● Instructions to follow
Ignoring the images, restate the records below word for word.
━━━ Given information ━━━
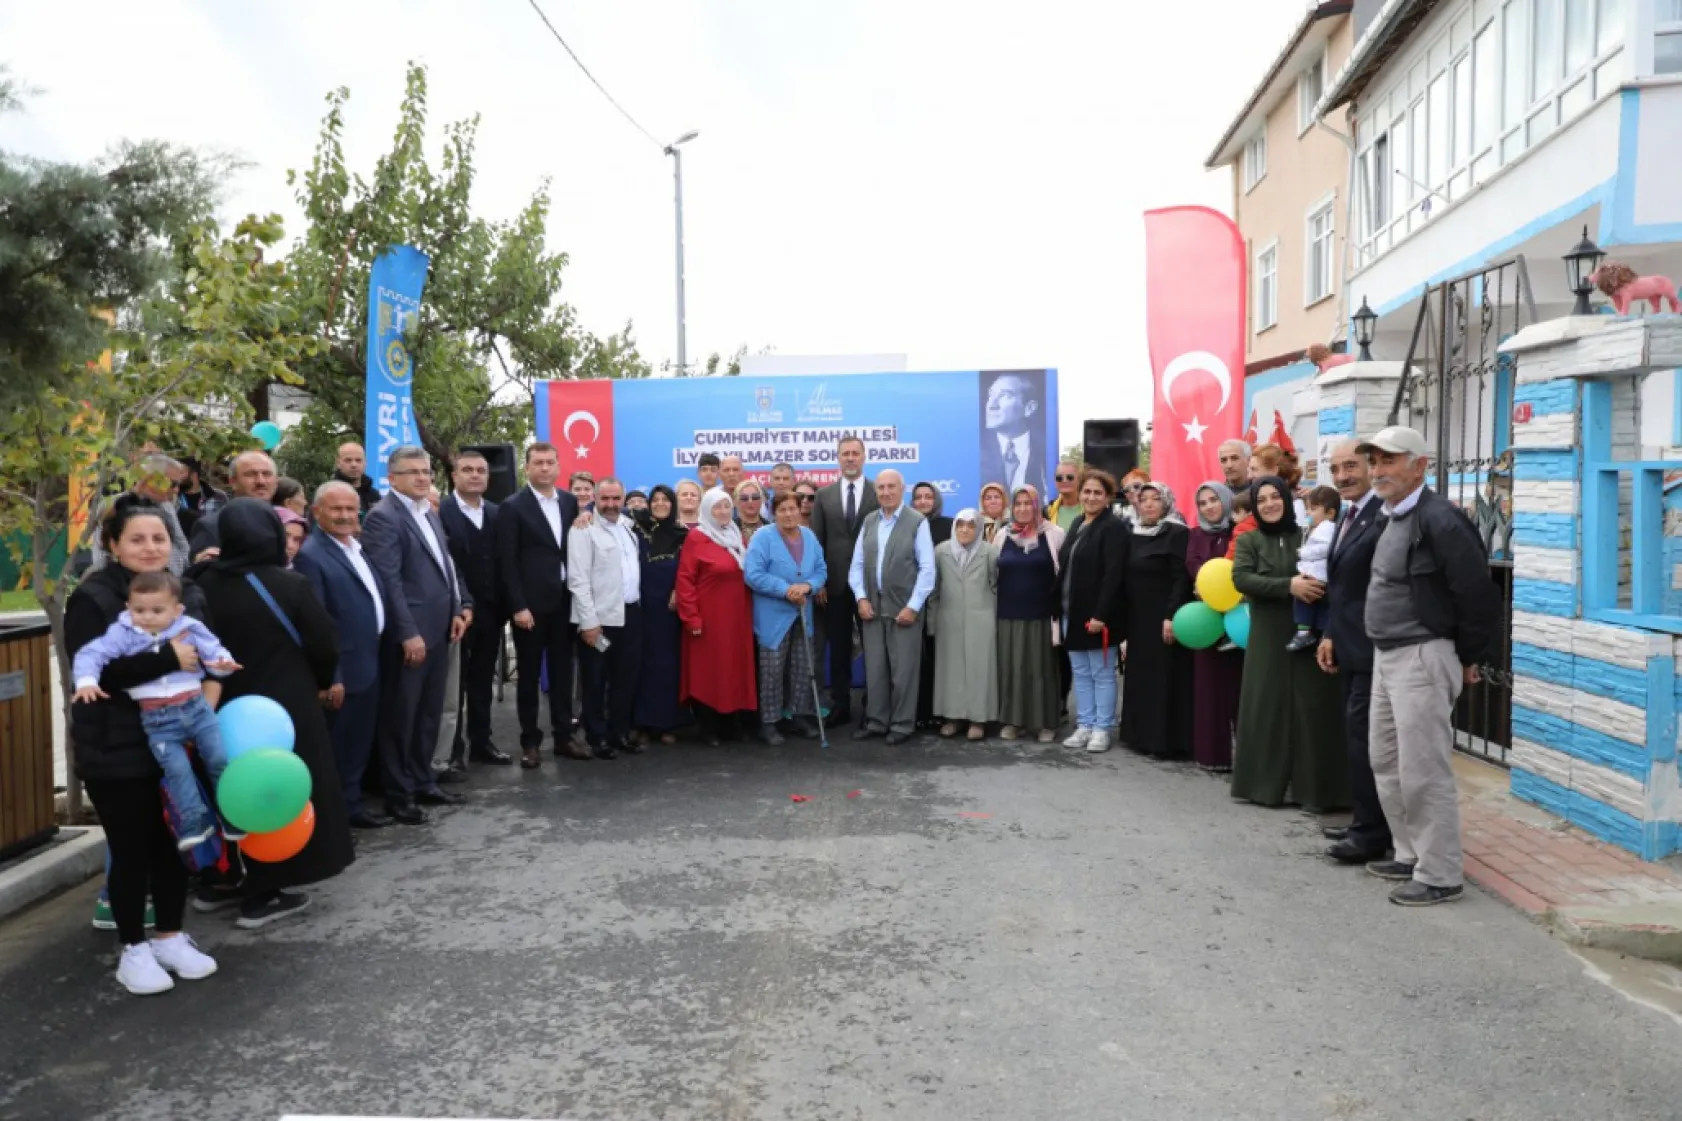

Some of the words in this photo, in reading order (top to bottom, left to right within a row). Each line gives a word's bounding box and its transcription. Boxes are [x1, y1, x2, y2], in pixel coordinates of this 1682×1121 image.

[694, 428, 800, 445] CUMHURİYET
[676, 449, 720, 465] İLY
[868, 447, 916, 461] PARKI
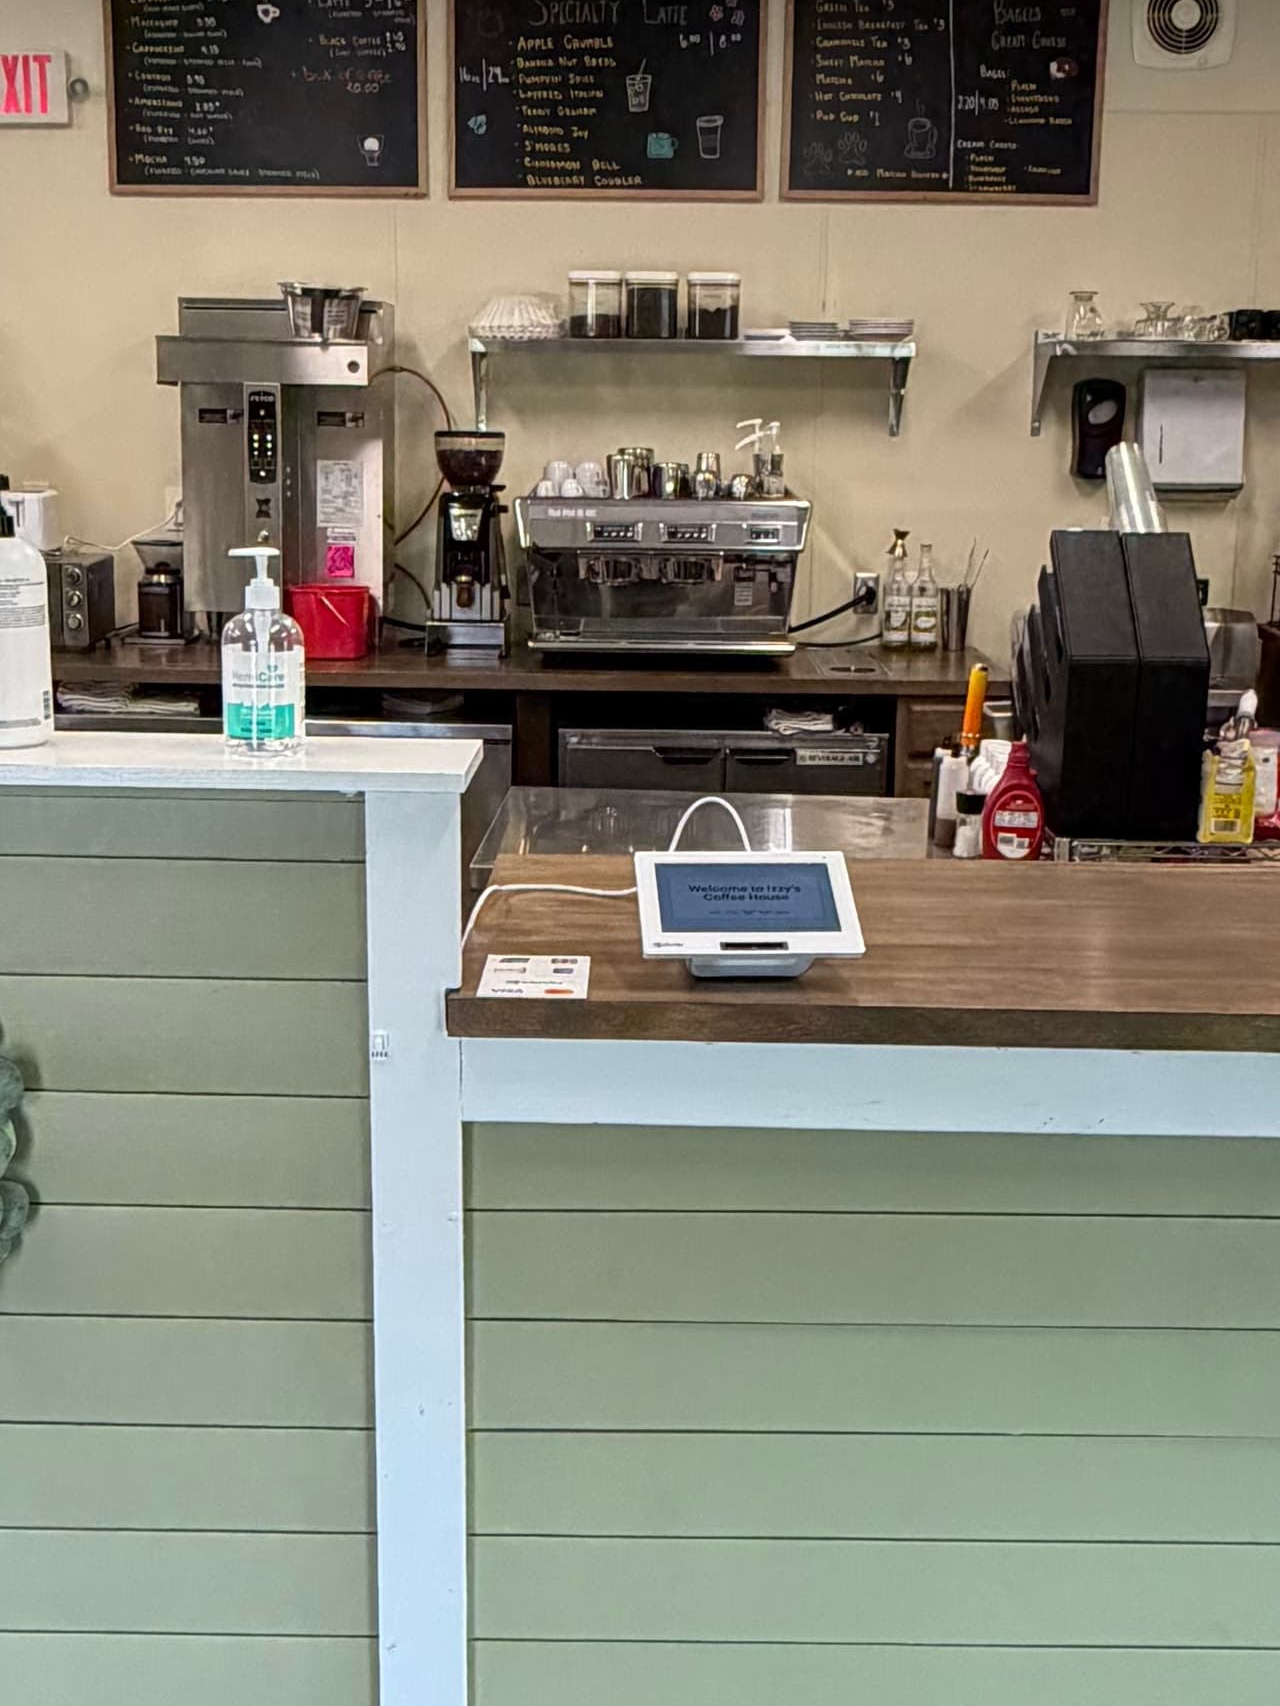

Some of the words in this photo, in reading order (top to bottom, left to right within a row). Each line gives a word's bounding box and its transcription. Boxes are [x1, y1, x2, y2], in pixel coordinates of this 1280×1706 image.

[517, 36, 554, 51] APPLE
[563, 34, 614, 50] CRUMBLE
[522, 124, 564, 135] ALMOND
[526, 174, 584, 186] BLUEBERRY
[688, 884, 748, 893] Welcome
[767, 885, 802, 895] Izzy's
[703, 893, 745, 901] Coffee
[749, 893, 789, 901] House
━━━
● Answer box
Some of the words in this photo, in reading order (top to bottom, left to right within a row). Each line gives a word's bounding box and its transcription. Boxes are [x1, y1, x2, y2], in pixel coordinates of this 1682×1121 image.

[694, 428, 800, 445] CUMHURİYET
[676, 449, 720, 465] İLY
[868, 447, 916, 461] PARKI

Some of the words in this photo, in reading order (top to bottom, left to right within a row). Each line gives a word's bounding box and its transcription. Boxes are [x1, y1, x2, y2], in pixel coordinates of this 1280×1706 image.

[517, 36, 554, 51] APPLE
[563, 34, 614, 50] CRUMBLE
[522, 124, 564, 135] ALMOND
[526, 174, 584, 186] BLUEBERRY
[688, 884, 748, 893] Welcome
[767, 885, 802, 895] Izzy's
[703, 893, 745, 901] Coffee
[749, 893, 789, 901] House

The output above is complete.